Chart of results from crop yields
This bar graph is an example of how a Colorado farmer showed the results of their research project evaluating the effect of shade cloth and insect exclusion netting on yield for a range of vegetable crops. The columns represent the percent change in yield for each crop that was protected compared to its unprotected control row. Photo courtesy of Rebecca Gourlay (SARE grant FW23-428)

The world is awash in data, and now your desk is too! Once you’ve collected your data, it’s time to turn it into information that brings understanding. To do this, you’ll need to calculate and present various statistics from your data. Refer to SARE’s technical bulletin, How to Conduct Research On Your Farm Or Ranch (www.sare.org/research), for an excellent introduction to statistical approaches for agricultural research.

Statistical analysis can be a complicated topic and it’s vital to your project that you do it correctly, so we recommend seeking help with this step. Consider whom you can reach out to for assistance analyzing your data, such as the math department at a local college, your Extension service, or even a high school teacher who’s seeking an applied project for an advanced class.

To prepare your data for analysis, you’ll start by ensuring that all of your datasets are assembled and all quality control (QC) activities are complete. Once you have all of your data together, compiling this information into a table will enable you to perform your analyses.
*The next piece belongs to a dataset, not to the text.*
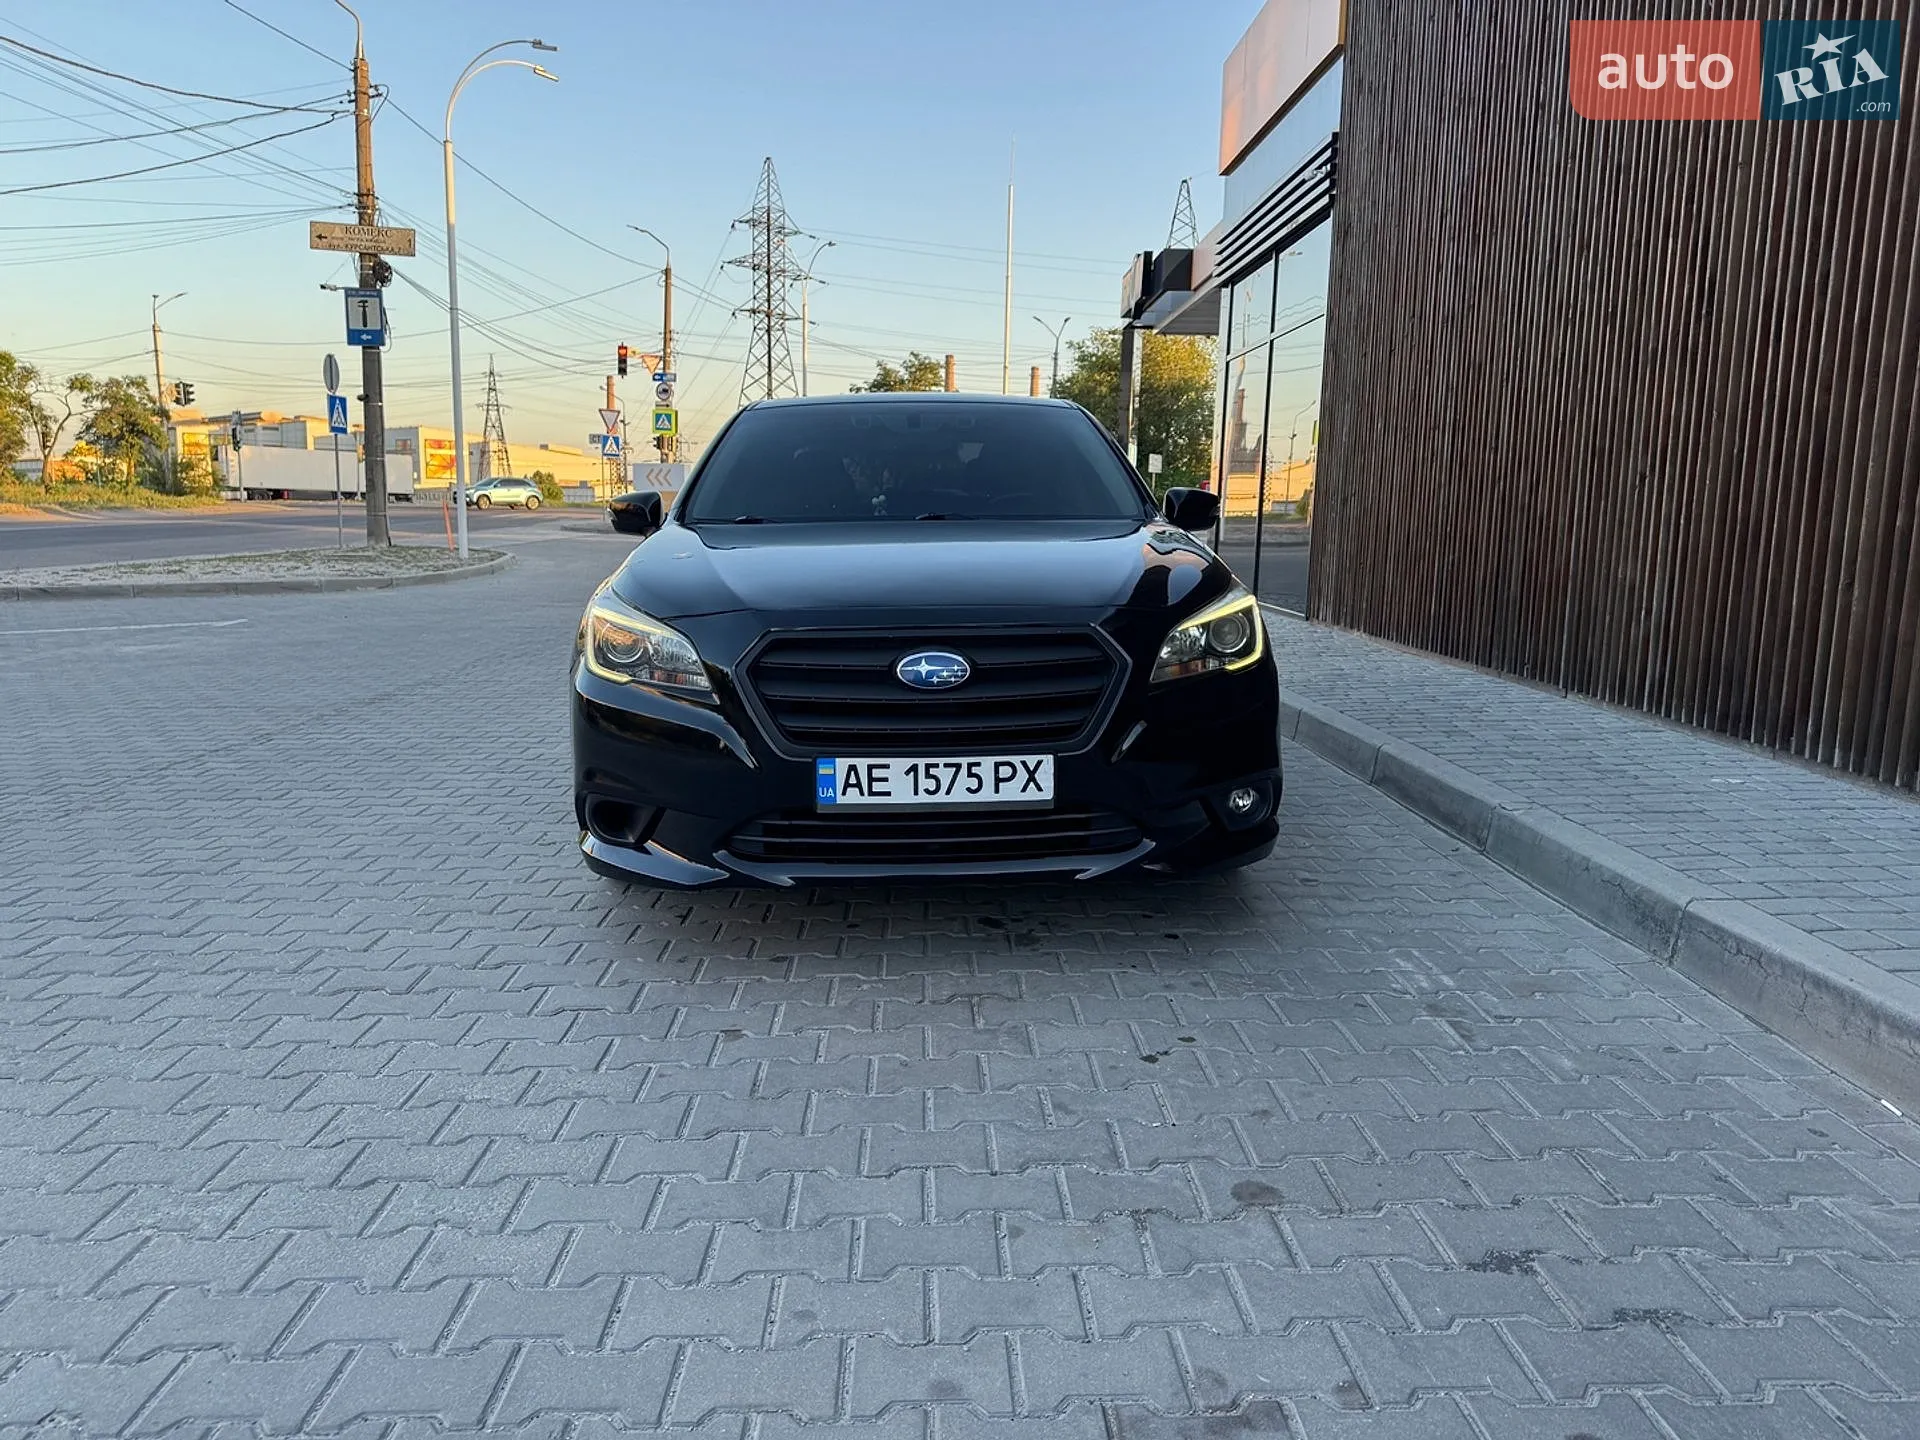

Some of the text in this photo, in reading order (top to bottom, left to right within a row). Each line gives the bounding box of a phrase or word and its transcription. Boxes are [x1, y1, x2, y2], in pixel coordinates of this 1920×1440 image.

[345, 226, 393, 238] КОМЕКС
[841, 759, 1044, 797] AE 1575 PX
[819, 787, 835, 798] UA
Basic Statistical Concepts 

Summary statistics are used to describe what you observed. For example, we often hear things described in terms of averages. The most commonly used type of average is the mean, calculated as the sum of a list of numerical values divided by the number of values in the list. There are other ways we use statistics to describe a dataset, such as how widely the values vary and how the differences are distributed.
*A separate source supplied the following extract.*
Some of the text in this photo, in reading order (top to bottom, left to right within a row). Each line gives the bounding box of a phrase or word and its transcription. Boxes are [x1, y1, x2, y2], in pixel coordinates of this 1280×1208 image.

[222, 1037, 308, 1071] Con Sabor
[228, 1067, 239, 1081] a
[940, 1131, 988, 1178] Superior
Your project may also require statistics to demonstrate comparisons, such as when an experiment compares a treatment group with a control group, to determine if the treatment brought about an effect. If the two groups are different, statistical tests can determine if the difference is statistically significant. In scientific studies, significance is a rigorous assessment that reveals how likely it is that the difference you observed could have happened by random chance. If we’re interested in the relationship between one variable and another, statistical tests are used to determine a correlation. It should be noted that even if two variables are correlated, this doesn’t necessarily prove that one is caused by the other. 

Graph of weed density
This graph is from a New York farmer's research project on growing carrots in strips of compost to improve germination and weed control. They used different incorporation depths and two brands of compost (Hudson and McEnroe). The graph shows the relationship between method and weed presence, and includes the concept of statistical significance through the use of error bars with each bar value. The error bars represent the variability (or “margin of error”) by providing a visual range of the probable values that could occur. The length of each bar indicates how variable, or "noisy," that data can be. Any two values whose error bars don’t overlap, or don’t share a letter, are significantly different from each other. Photo courtesy of Benjamin Shute (SARE grant FNE23-068)
Pumpkins in rows on a farm
There are many ways to visually represent data in a way that tells the story of your research project. Here's a creative way a farmer showed pumpkin yields when evaluating different management strategies and pumpkin varieties. Photo courtesy Riley Sowle (SARE grant FNC23-1393)

Data Visualization

Whatever type of statistical analysis you use for your project, you’ll display your information in a visual way to help your audience understand your results. From a simple table to various kinds of charts and graphs, visualizing your data is an important part of connecting the data with your initial question and supporting your conclusion and interpretations. Maps, photos, and diagrams can also provide context and understanding.

Assignment

If you need help with any of the following questions, or if you’re unsure of your answers, Lesson 10 contains some suggestions of where to find help.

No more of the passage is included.